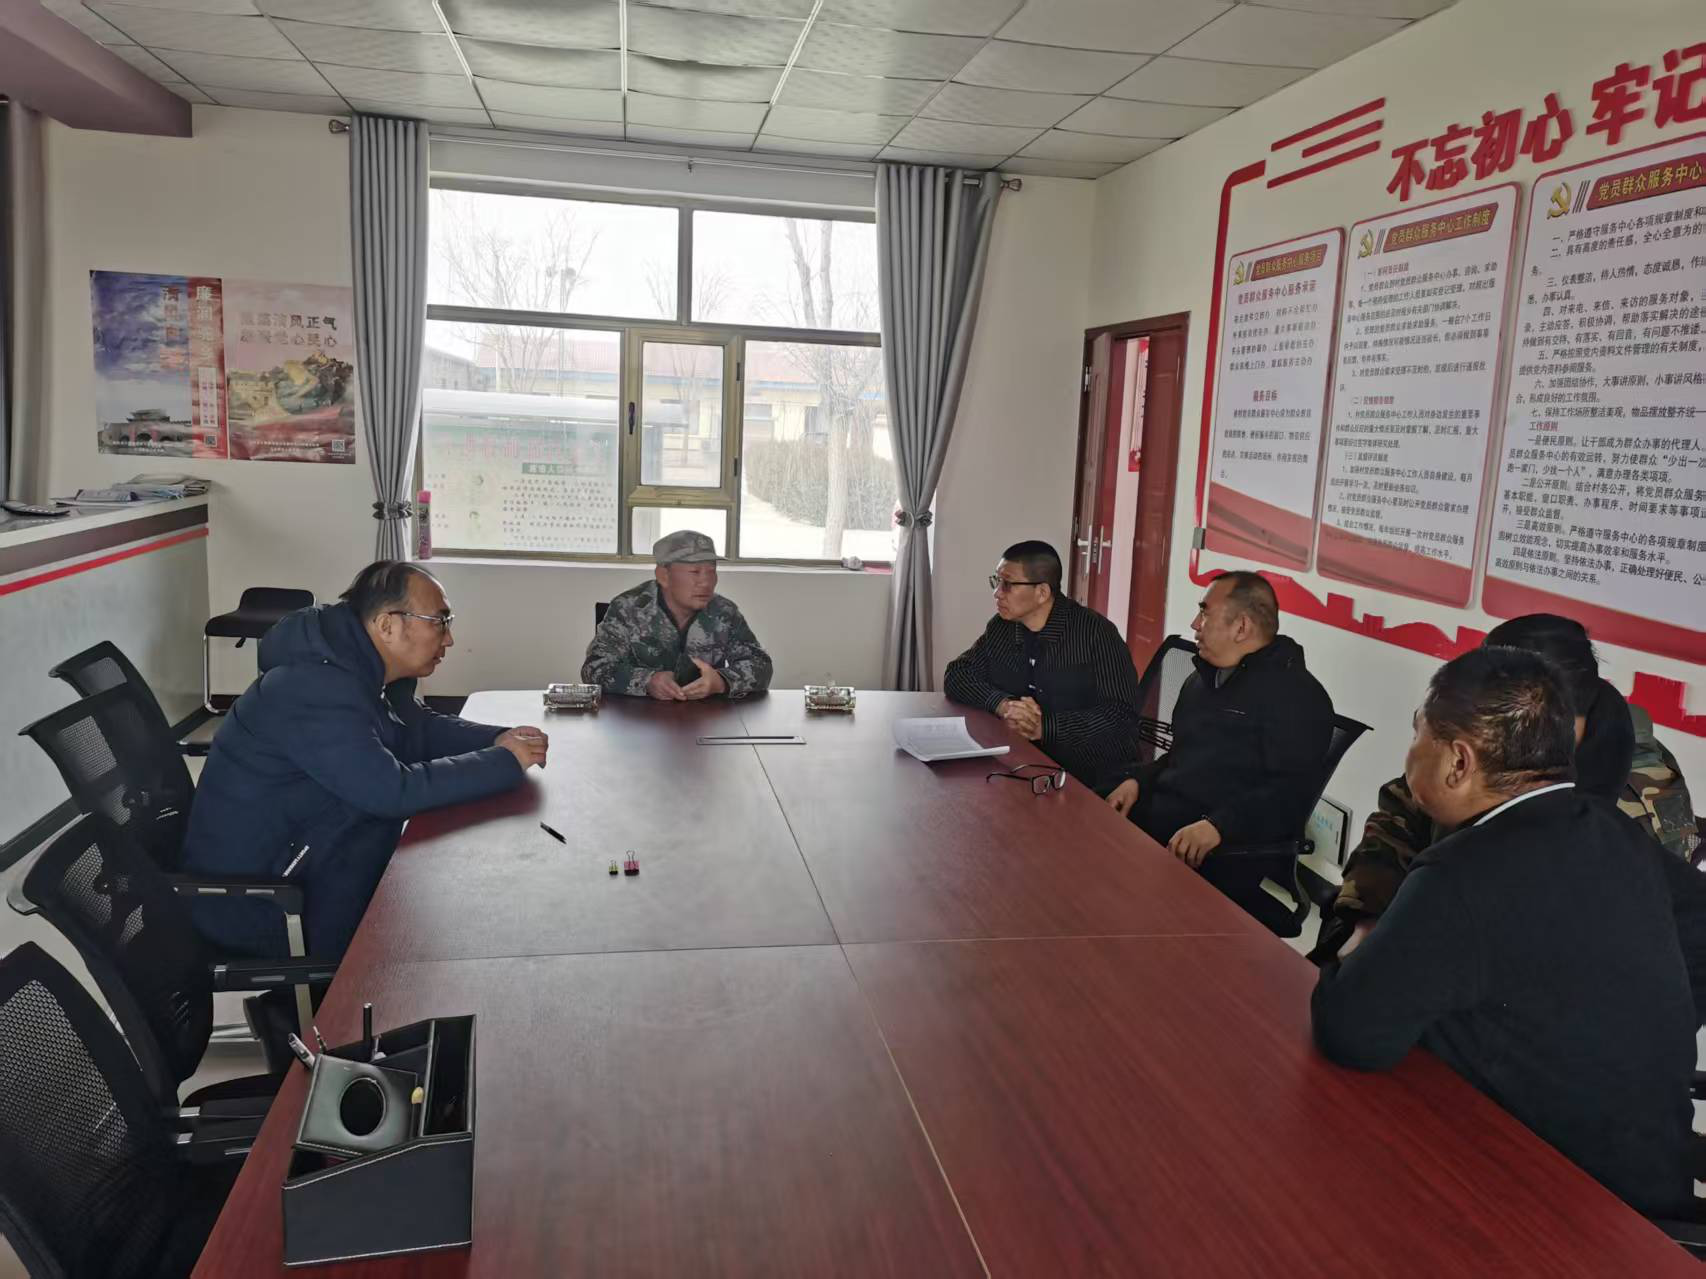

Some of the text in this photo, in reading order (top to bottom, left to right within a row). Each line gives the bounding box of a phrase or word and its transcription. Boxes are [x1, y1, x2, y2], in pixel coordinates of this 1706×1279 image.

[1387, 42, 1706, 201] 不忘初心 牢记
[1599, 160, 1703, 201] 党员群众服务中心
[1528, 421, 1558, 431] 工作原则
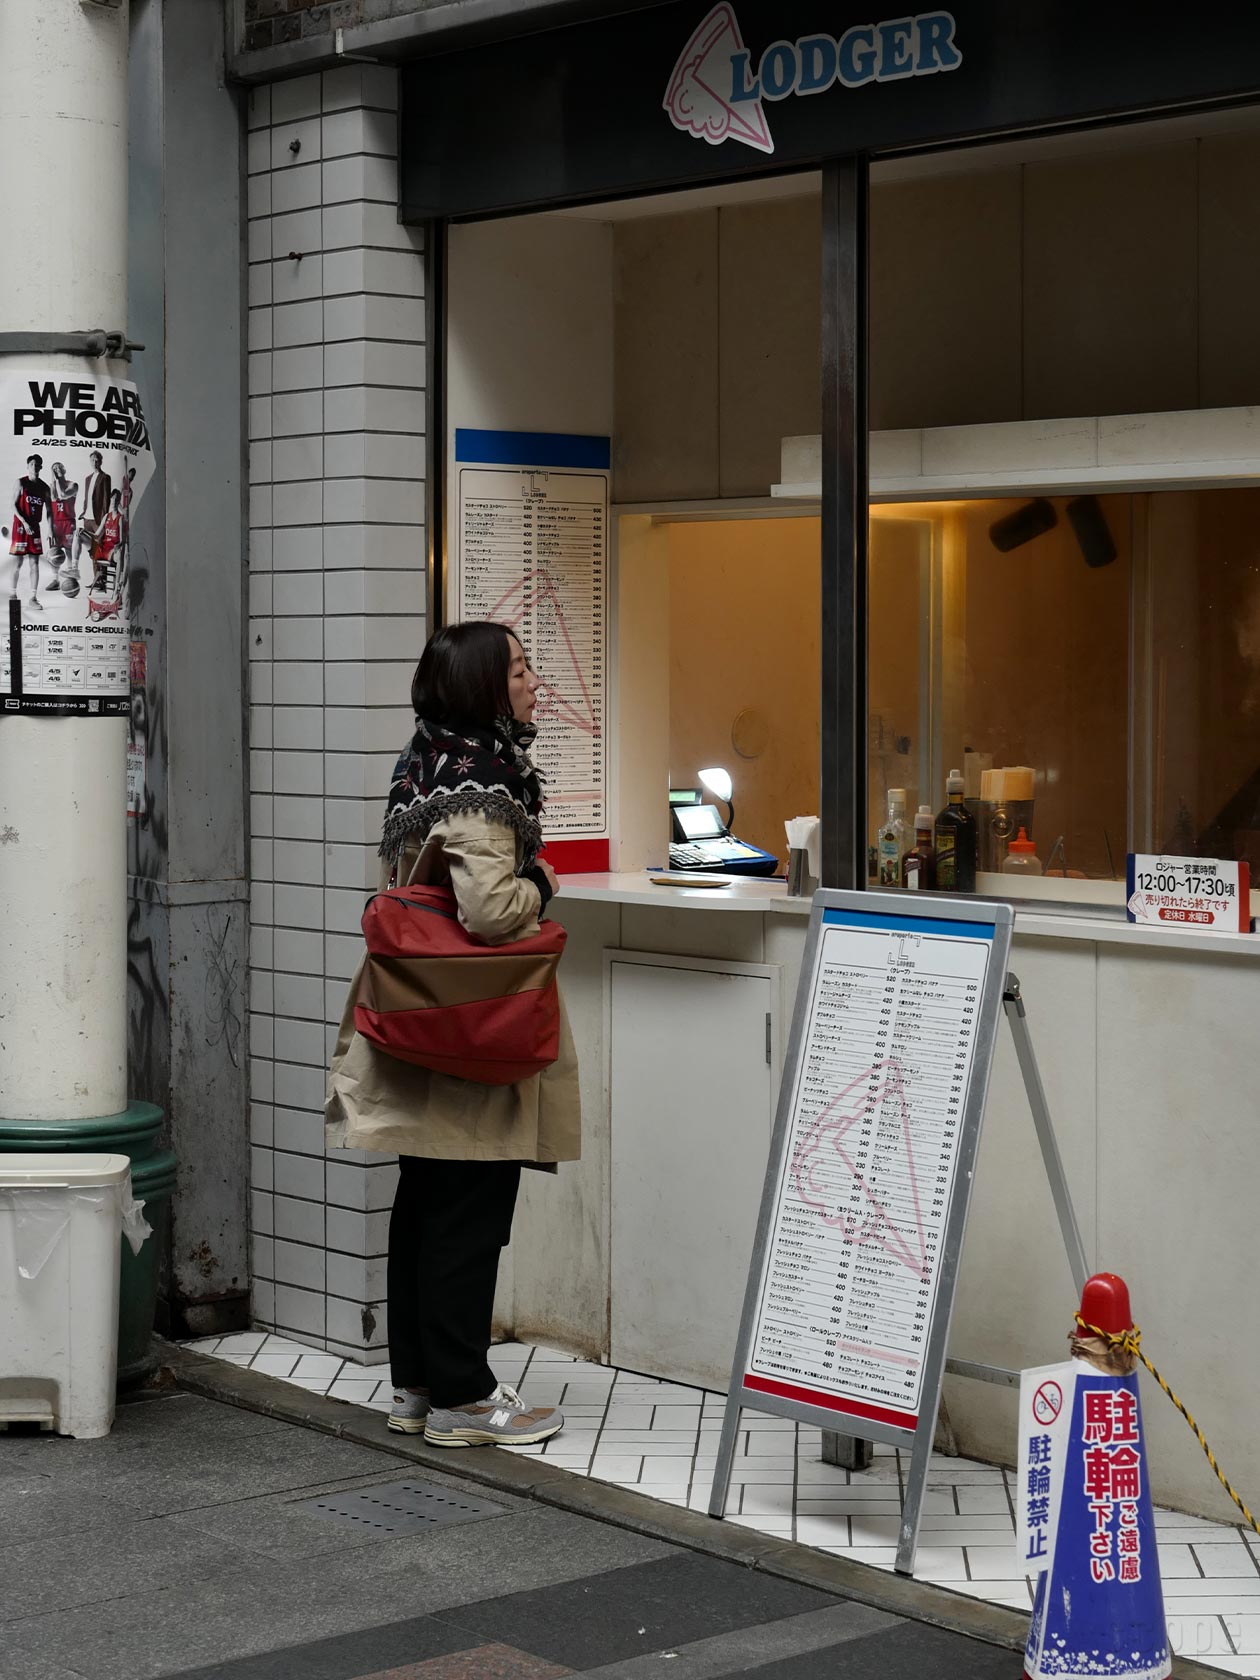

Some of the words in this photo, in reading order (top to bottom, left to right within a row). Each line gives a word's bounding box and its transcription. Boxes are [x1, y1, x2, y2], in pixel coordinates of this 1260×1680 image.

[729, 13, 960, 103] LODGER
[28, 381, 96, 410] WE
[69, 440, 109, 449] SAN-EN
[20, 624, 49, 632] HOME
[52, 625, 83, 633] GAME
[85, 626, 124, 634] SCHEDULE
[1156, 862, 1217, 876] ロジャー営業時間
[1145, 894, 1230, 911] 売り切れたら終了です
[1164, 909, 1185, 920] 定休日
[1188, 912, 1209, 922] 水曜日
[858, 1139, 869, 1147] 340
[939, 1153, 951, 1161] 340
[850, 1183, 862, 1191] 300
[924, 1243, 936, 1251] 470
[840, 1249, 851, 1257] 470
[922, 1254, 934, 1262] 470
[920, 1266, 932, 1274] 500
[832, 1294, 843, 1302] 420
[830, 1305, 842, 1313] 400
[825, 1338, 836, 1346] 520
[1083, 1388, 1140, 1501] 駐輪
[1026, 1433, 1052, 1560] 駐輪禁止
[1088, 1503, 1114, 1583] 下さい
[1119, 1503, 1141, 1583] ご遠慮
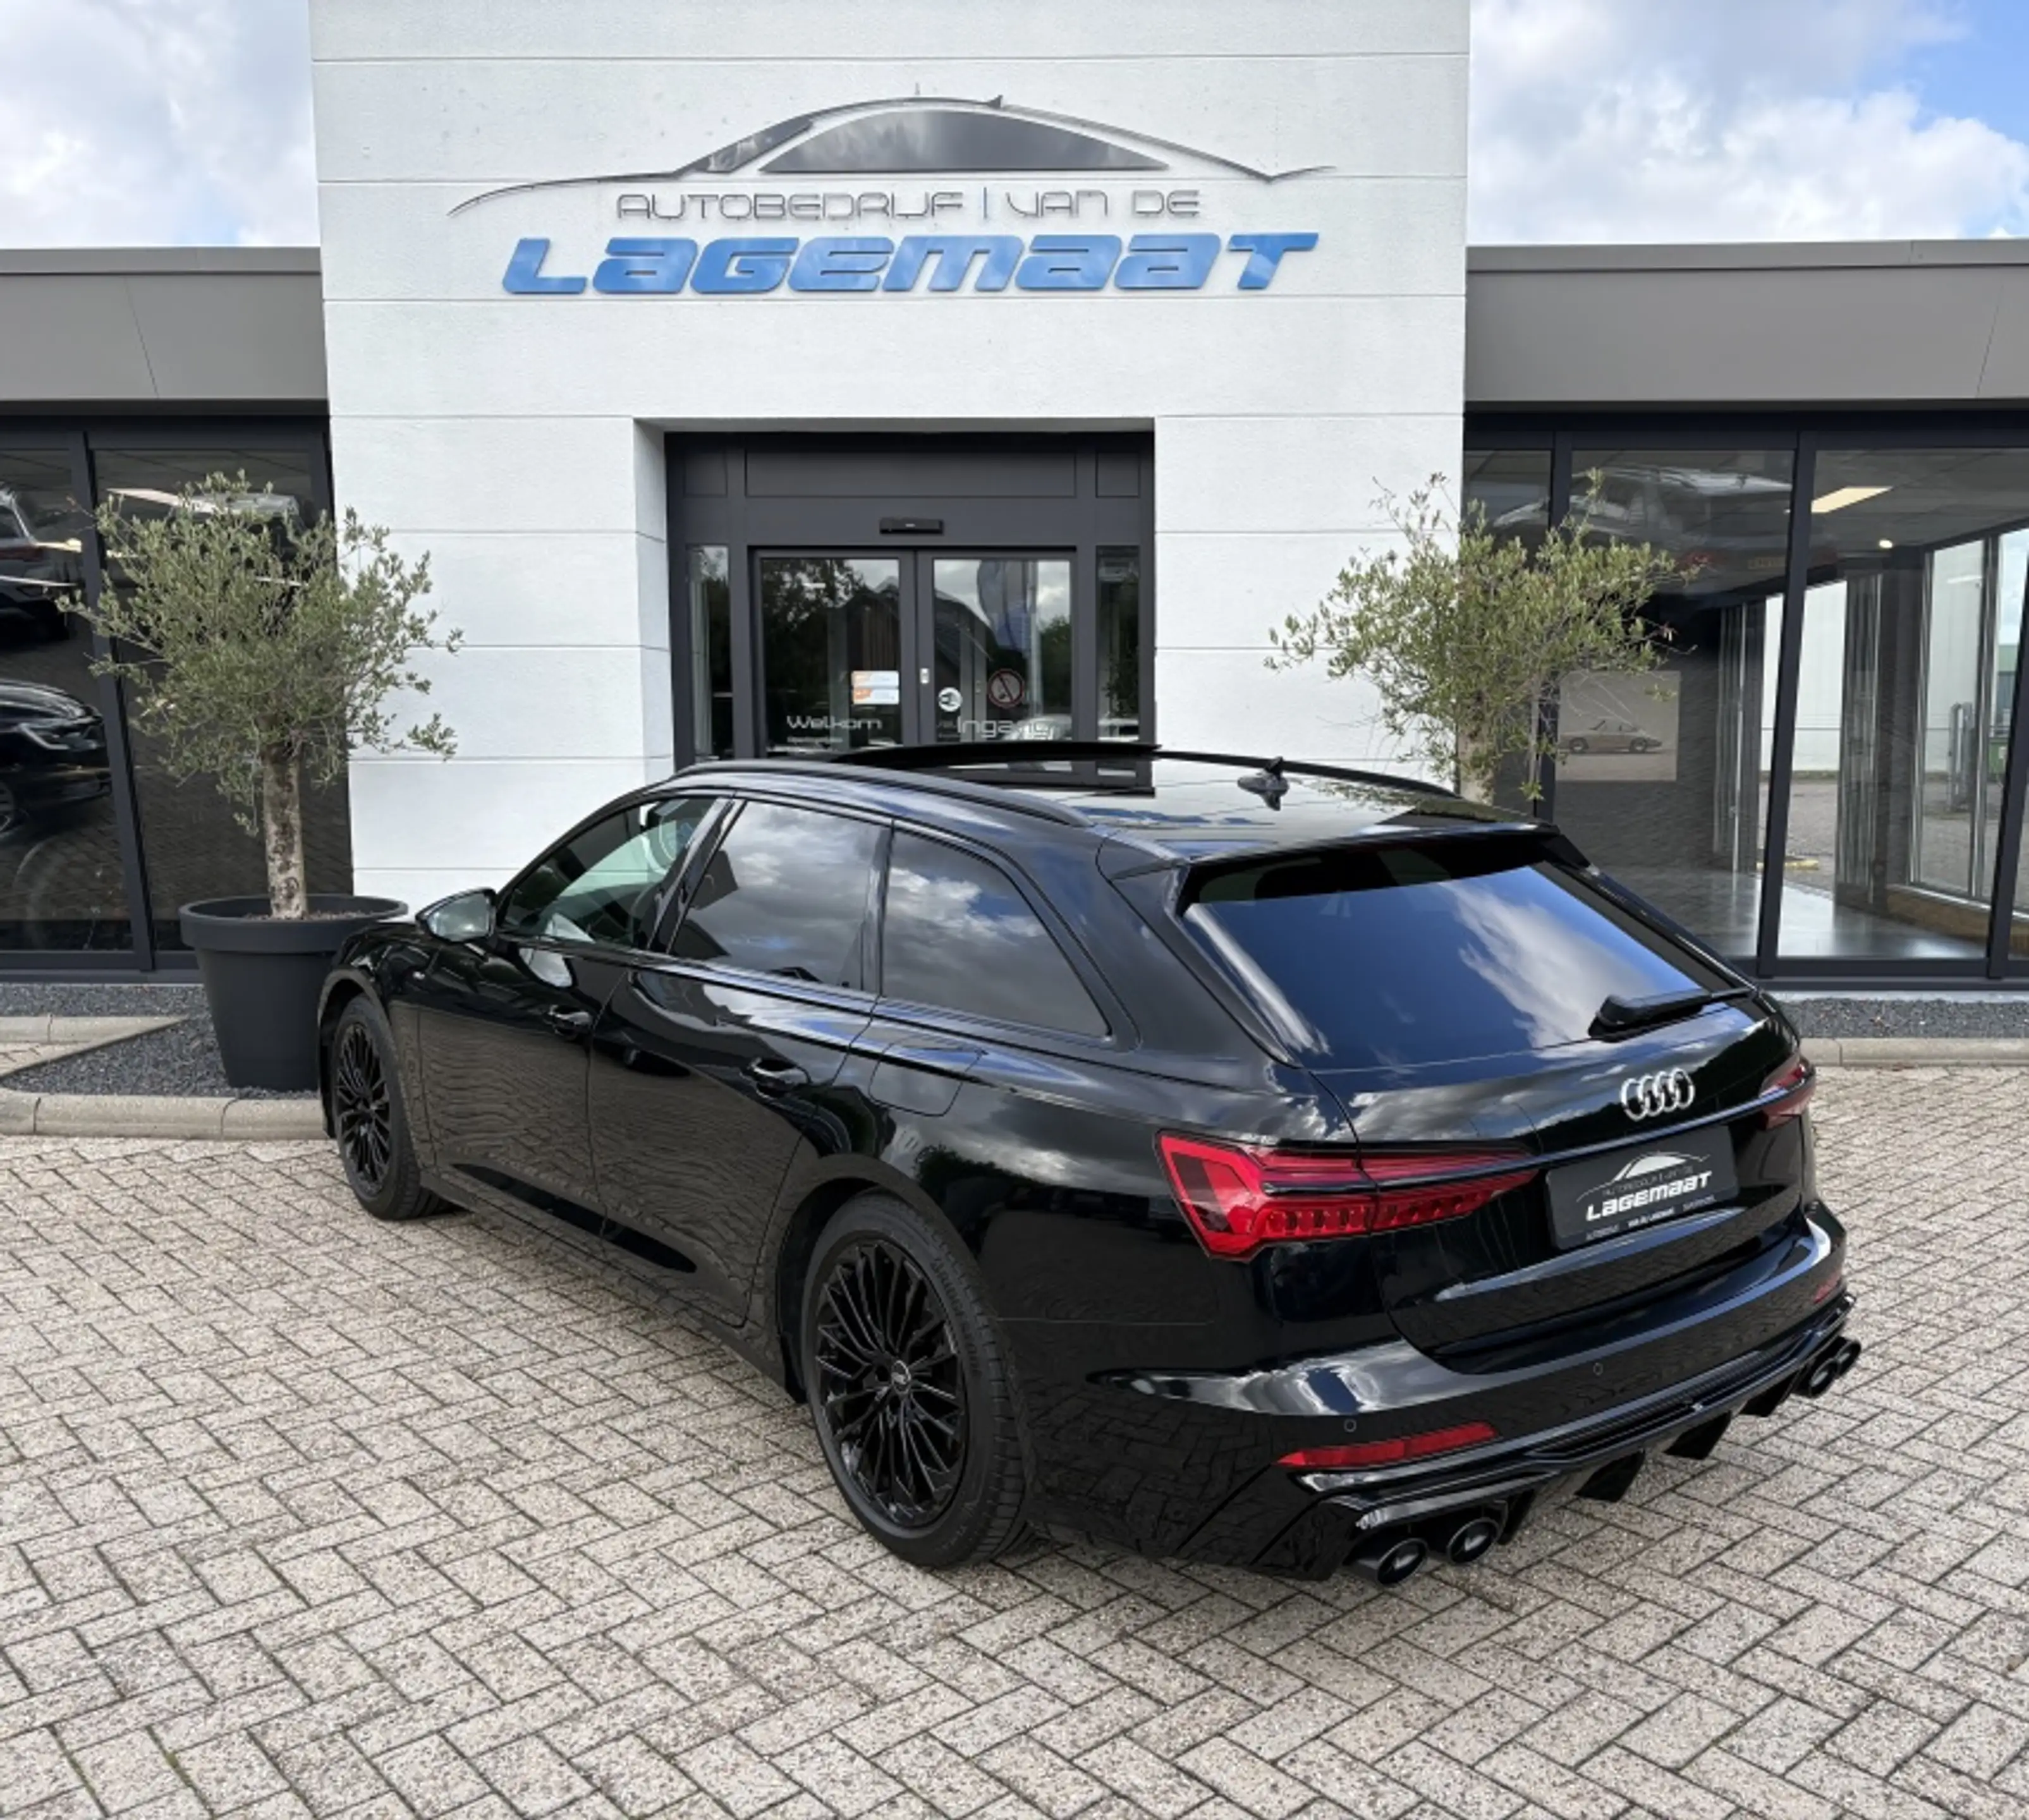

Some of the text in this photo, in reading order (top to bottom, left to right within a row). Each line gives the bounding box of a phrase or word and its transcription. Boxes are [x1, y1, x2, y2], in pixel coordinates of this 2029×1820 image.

* [Problem details] Print all entries exactly. The images do not belong in the copy.

* [Response to the task]
Some of the text in this photo, in reading order (top to bottom, left to right within a row). Each line gives the bounding box of a phrase or word and its transcription. Boxes are [x1, y1, x2, y2], in pixel coordinates of this 1706×1279 image.

[1387, 42, 1706, 201] 不忘初心 牢记
[1599, 160, 1703, 201] 党员群众服务中心
[1528, 421, 1558, 431] 工作原则

Some of the words in this photo, in reading order (top to bottom, left to right within a row). Each line gives a word's bounding box and its transcription. Boxes are [x1, y1, x2, y2], in pixel coordinates of this 1260×1680 image.

[729, 13, 960, 103] LODGER
[28, 381, 96, 410] WE
[69, 440, 109, 449] SAN-EN
[20, 624, 49, 632] HOME
[52, 625, 83, 633] GAME
[85, 626, 124, 634] SCHEDULE
[1156, 862, 1217, 876] ロジャー営業時間
[1145, 894, 1230, 911] 売り切れたら終了です
[1164, 909, 1185, 920] 定休日
[1188, 912, 1209, 922] 水曜日
[858, 1139, 869, 1147] 340
[939, 1153, 951, 1161] 340
[850, 1183, 862, 1191] 300
[924, 1243, 936, 1251] 470
[840, 1249, 851, 1257] 470
[922, 1254, 934, 1262] 470
[920, 1266, 932, 1274] 500
[832, 1294, 843, 1302] 420
[830, 1305, 842, 1313] 400
[825, 1338, 836, 1346] 520
[1083, 1388, 1140, 1501] 駐輪
[1026, 1433, 1052, 1560] 駐輪禁止
[1088, 1503, 1114, 1583] 下さい
[1119, 1503, 1141, 1583] ご遠慮

Some of the text in this photo, in reading order (top to bottom, left to right within a row). Each line gives the bounding box of a phrase or word and its transcription. Boxes are [x1, y1, x2, y2], in pixel coordinates of this 2029×1820 image.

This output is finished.